Your comment about "hand waving" reminds me of something I read about the Star Trek writing team. The story was they would come up with the plot they wanted regardless of any scientific concerns. Then they'd insert a crisis with some system of the ship and write dialog like, "Captain, the tech isn't working. But I think we could try teching the tech..." And later on they'd pay an engineer or a physicist to put in some more convincing jargon.

You're right - the more science we really know, the harder it is to pull this off.

A very short story by David Brin "Lungfish" captures the essence of the dangers of a thriving galactic community.

Regarding kids and the future: who do you want to have a say in the future, your kids, who are influenced by your love and concern for our posterity, or anybody else?

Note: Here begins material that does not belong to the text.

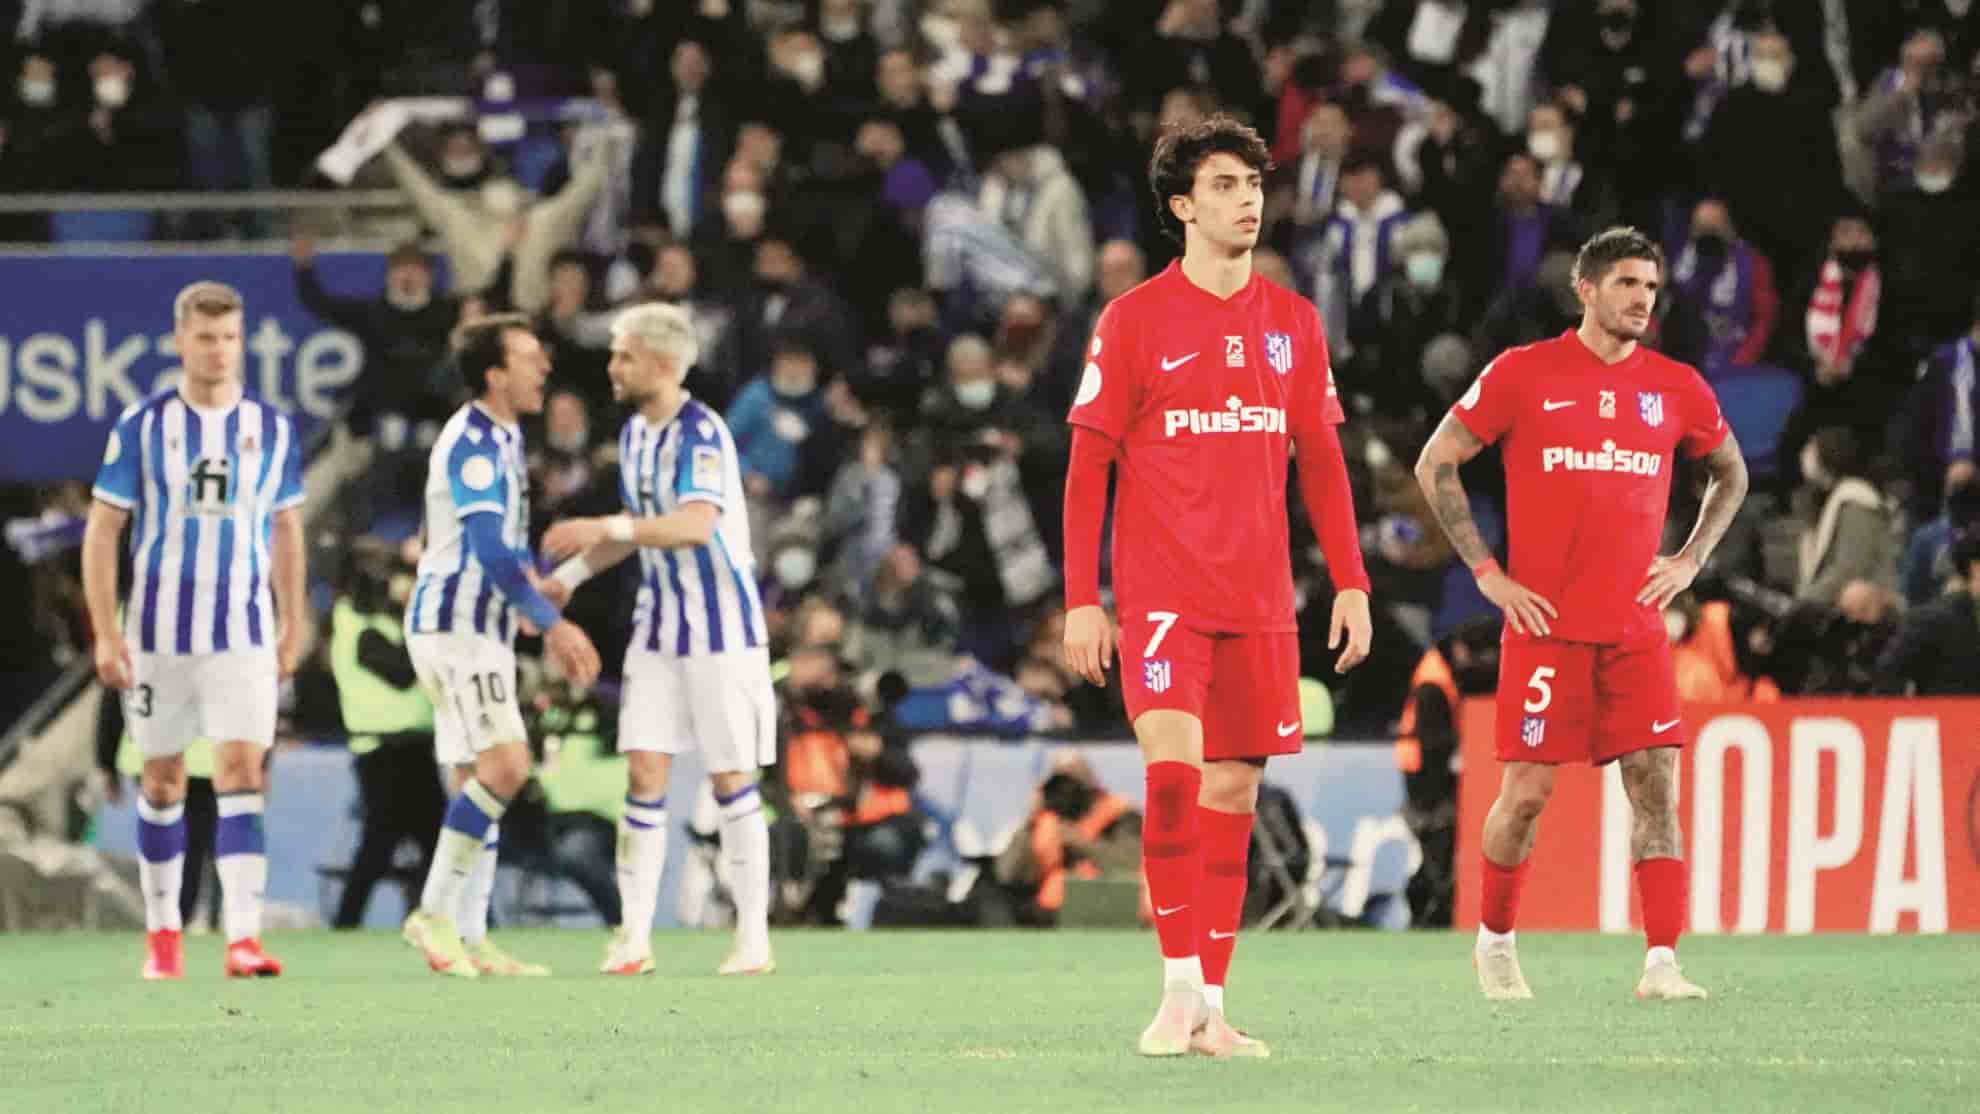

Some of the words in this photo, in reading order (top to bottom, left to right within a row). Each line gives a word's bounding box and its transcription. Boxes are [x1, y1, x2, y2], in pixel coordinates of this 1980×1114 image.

[1143, 611, 1179, 658] 7
[471, 671, 507, 705] 10
[1524, 666, 1556, 712] 5

Hand off the reins to those you train. Trust them to live well.

The future will be built by those that follow us. Don't leave the future to the masses that arise from those cultures only now attaining economic security.

The future will either be amazing, or a horror. Whether it is one or the other depends on our kids. Have faith in kids. They will control the world.

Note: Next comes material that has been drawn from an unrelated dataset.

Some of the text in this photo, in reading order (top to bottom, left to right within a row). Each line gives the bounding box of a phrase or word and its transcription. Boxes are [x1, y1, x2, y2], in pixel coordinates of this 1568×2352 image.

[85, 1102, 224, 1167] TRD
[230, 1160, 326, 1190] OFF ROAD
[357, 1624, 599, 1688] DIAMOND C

You almost make me wish that I had some kids! But I have a tremendous respect for good parenting, enough to know that I lack the energy and patience for it. Because you're right, handing things off to the next generation is the most important thing we can do.

I haven't read Brin in a while - I'll look up "Lungfish".

Thanks - I'v been craving some gritty hard SF for a while now.

My heart yearns for a utopian future where replicators feed everybody and the stars are a challenging adventure...

But my mind can't avoid the very real probability of a dystopian future - where the failures of the past (nuclear weapons; irreversible climate change..) are compounded by the failures of the future. And there is a veritable smorgasbord of fuck ups for humanity to indulge in in the near future alone...

Keep 'em coming!

I'm inclined to agree with you. It's one of the reasons I've decided not to have kids.

On the other hand, what if people actually solve more problems than they cause, and produce more than they consume? In that case, we should be making as many people as we can, confident that we can expand out to the stars.

Thanks for reading! If you give these a try, let me know how you like them!

Thanks - I will :-)

I agree with you regarding your kids comment - except to say that having a daughter was the best thing I ever did. She's 8 now :-)

I salute you! Parenting's got to be the hardest and most rewarding thing a person can do.